When substance use disorder occurs in adolescence, it affects key developmental and social transitions, and can interfere with normal brain maturation. These potentially lifelong consequences make addressing adolescent drug use an urgent matter. Chronic marijuana use in adolescence, for example, has been shown to lead to a loss of IQ that is not recovered even if the individual quits using in adulthood. Impaired memory or thinking ability and other problems caused by drug use can derail a young person’s social and educational development and hold him or her back in life. Persistent cannabis users show neuropsychological decline from childhood to midlife. Proceedings of the National Academy of Sciences of the United States of America Oct 2;109(40):E2657–E2664 (2012).

Adolescents are less likely than adults to feel they need help, and usually won’t seek treatment on their own. Given their shorter history of using drugs (as well as parental protection), adolescents may have experienced relatively few adverse consequences from their drug use; their incentive to change or engage in treatment may correspond to the number of such consequences they have experienced. Also, adolescents may have more difficulty than adults seeing their own behavior patterns (including causes and consequences of their actions) with enough detachment to tell they need help. Only 10 percent of 12- to 17-year-olds needing substance abuse treatment actually receive any services. When they do get treatment, it is often for different reasons than adults. By far, the largest proportion of adolescents who receive treatment are referred by the juvenile justice system. Given that adolescents with substance use problems often feel they do not need help, engaging young patients in treatment often requires special skills and patience.

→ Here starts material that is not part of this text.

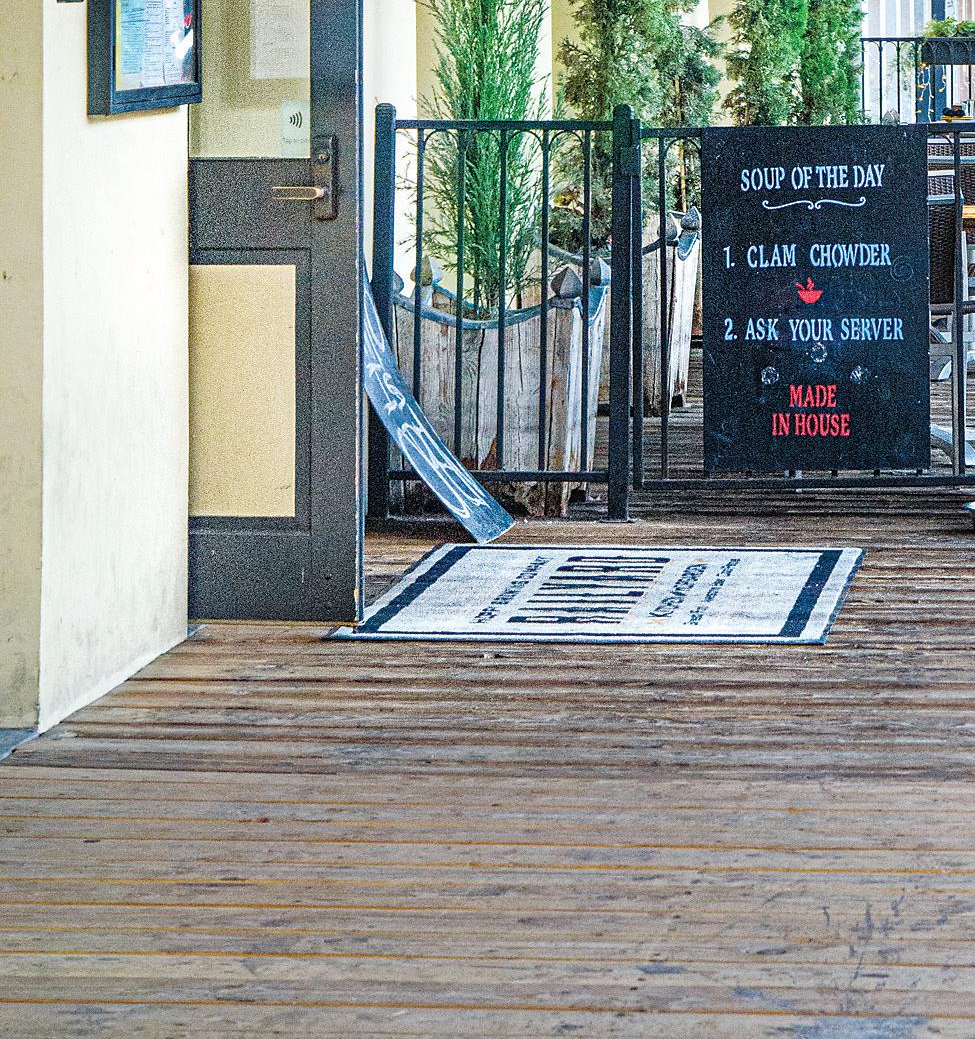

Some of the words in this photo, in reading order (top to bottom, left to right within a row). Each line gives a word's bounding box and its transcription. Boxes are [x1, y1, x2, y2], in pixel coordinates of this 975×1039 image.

When substance use disorders are identified and treated in adolescence, especially if they are mild or moderate, they frequently give way to abstinence from drugs with no further problems. Relapse is a possibility, and should not be seen as a sign that treatment failed. Rather, it should be seen as an occasion to engage in additional or different treatment modalities. Averting and detecting relapse involves cooperation by the adolescent, monitoring by parents and teachers, and follow-up through outpatient treatment providers. Although recovery programs are not a substitute for formal evidence-based treatment, they may help some adolescents maintain a positive and productive drug-free lifestyle that promotes meaningful and beneficial relationships and connections to family, peers, and the community both during and after treatment. Whatever services or programs are used, an adolescent’s path to recovery will be strengthened by support from family members, non-drug-using peers, the school, and others in his or her life.

This is truly a battle we must win. The future of our children depend on it. I feel both honored and challenged by the calling God has placed on my life to counsel teens and young adults who are struggling with addiction and mental illness. Rather than cry about how my life has turned out to this point as a result of nearly four decades of drug and alcohol abuse, I plan on focusing my attention and energy on helping teenagers avoid  a lifetime of substance abuse and the literally hundreds of complications that usually result. Please join me in praying for the young adults and their families being decimated by addiction.